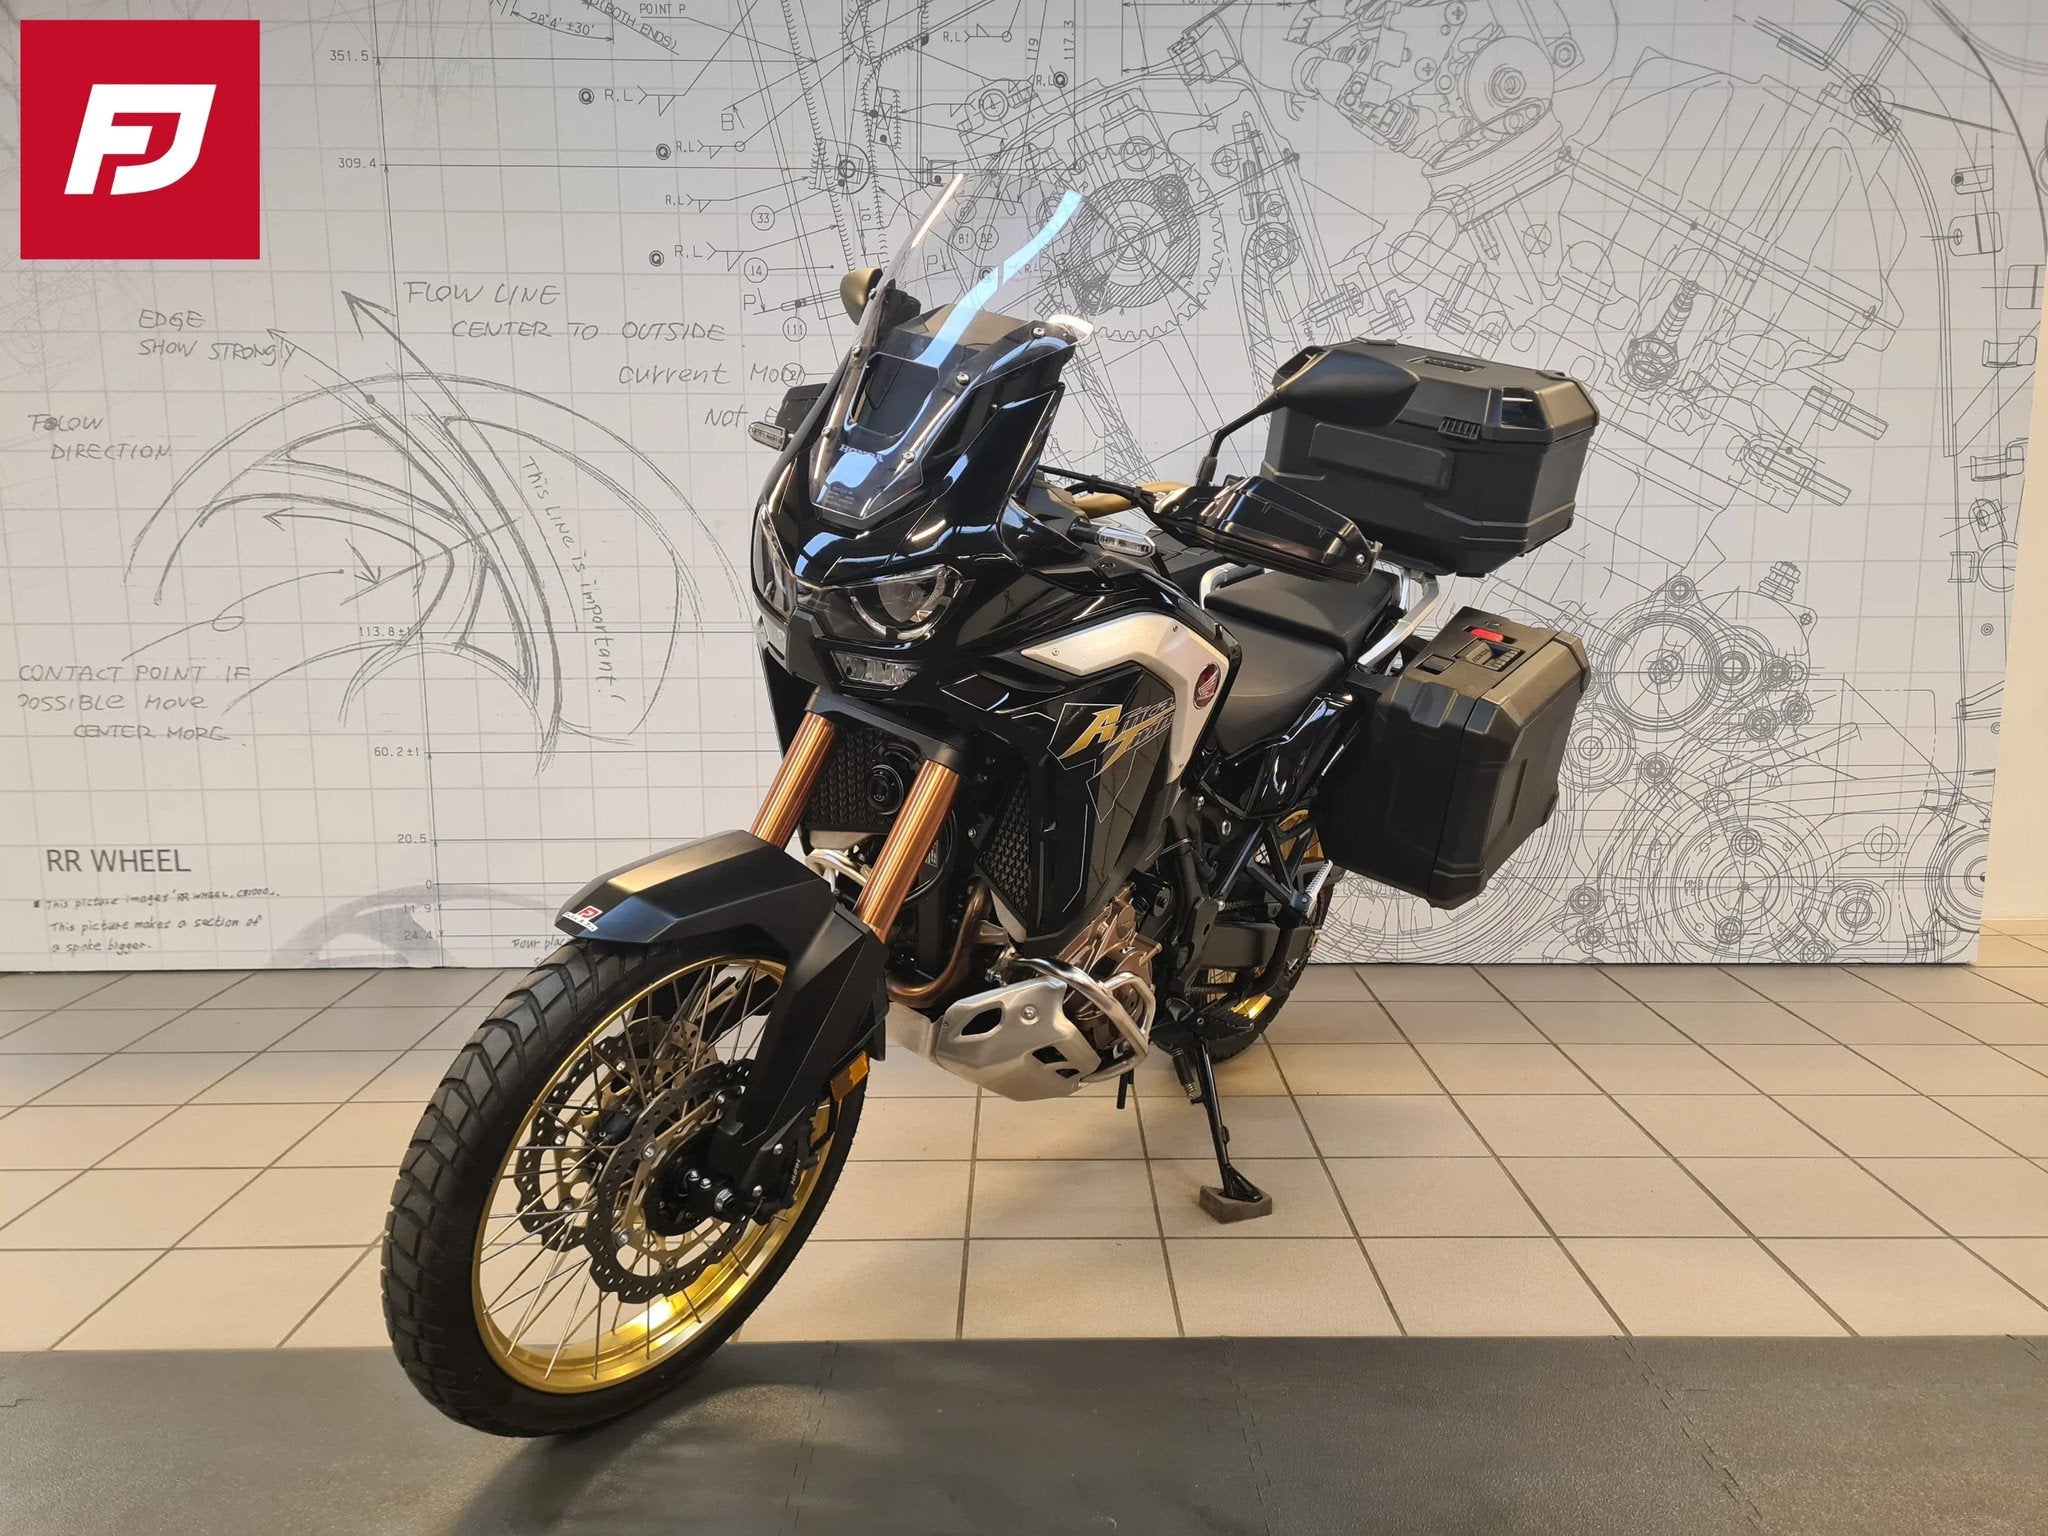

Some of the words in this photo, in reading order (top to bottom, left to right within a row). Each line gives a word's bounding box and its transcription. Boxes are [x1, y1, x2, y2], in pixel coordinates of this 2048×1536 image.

[639, 3, 671, 15] POINT
[679, 3, 686, 15] P
[640, 22, 677, 50] ENDS)
[1063, 20, 1074, 60] 117.3
[329, 49, 369, 61] 351.5
[721, 112, 735, 131] B
[338, 157, 376, 169] 309.4
[756, 213, 770, 223] 33
[751, 265, 763, 276] 14
[403, 281, 484, 303] FLOW
[494, 282, 561, 305] LINE
[743, 294, 757, 311] P
[139, 308, 206, 331] EDGE
[452, 319, 553, 338] CENTER
[567, 322, 599, 341] TO
[621, 321, 725, 342] OUTSIDE
[138, 338, 198, 357] SHOW
[618, 362, 731, 385] Current
[50, 443, 172, 461] DIRECTION
[18, 664, 124, 682] CONTACT
[136, 664, 207, 682] POINT
[226, 665, 251, 683] IF
[74, 724, 156, 740] CENTER
[397, 833, 427, 844] 20.5
[46, 848, 83, 872] RR
[90, 848, 192, 872] WHEEL
[425, 879, 433, 890] 0

### WORK TO BE COMPLETED
Copy out the data above to the letter, and keep every picture out of it.

### EXERCISE SOLUTION
Some of the words in this photo, in reading order (top to bottom, left to right within a row). Each line gives a word's bounding box and its transcription. Boxes are [x1, y1, x2, y2], in pixel coordinates of this 2048×1536 image.

[639, 3, 671, 15] POINT
[679, 3, 686, 15] P
[640, 22, 677, 50] ENDS)
[1063, 20, 1074, 60] 117.3
[329, 49, 369, 61] 351.5
[721, 112, 735, 131] B
[338, 157, 376, 169] 309.4
[756, 213, 770, 223] 33
[751, 265, 763, 276] 14
[403, 281, 484, 303] FLOW
[494, 282, 561, 305] LINE
[743, 294, 757, 311] P
[139, 308, 206, 331] EDGE
[452, 319, 553, 338] CENTER
[567, 322, 599, 341] TO
[621, 321, 725, 342] OUTSIDE
[138, 338, 198, 357] SHOW
[618, 362, 731, 385] Current
[50, 443, 172, 461] DIRECTION
[18, 664, 124, 682] CONTACT
[136, 664, 207, 682] POINT
[226, 665, 251, 683] IF
[74, 724, 156, 740] CENTER
[397, 833, 427, 844] 20.5
[46, 848, 83, 872] RR
[90, 848, 192, 872] WHEEL
[425, 879, 433, 890] 0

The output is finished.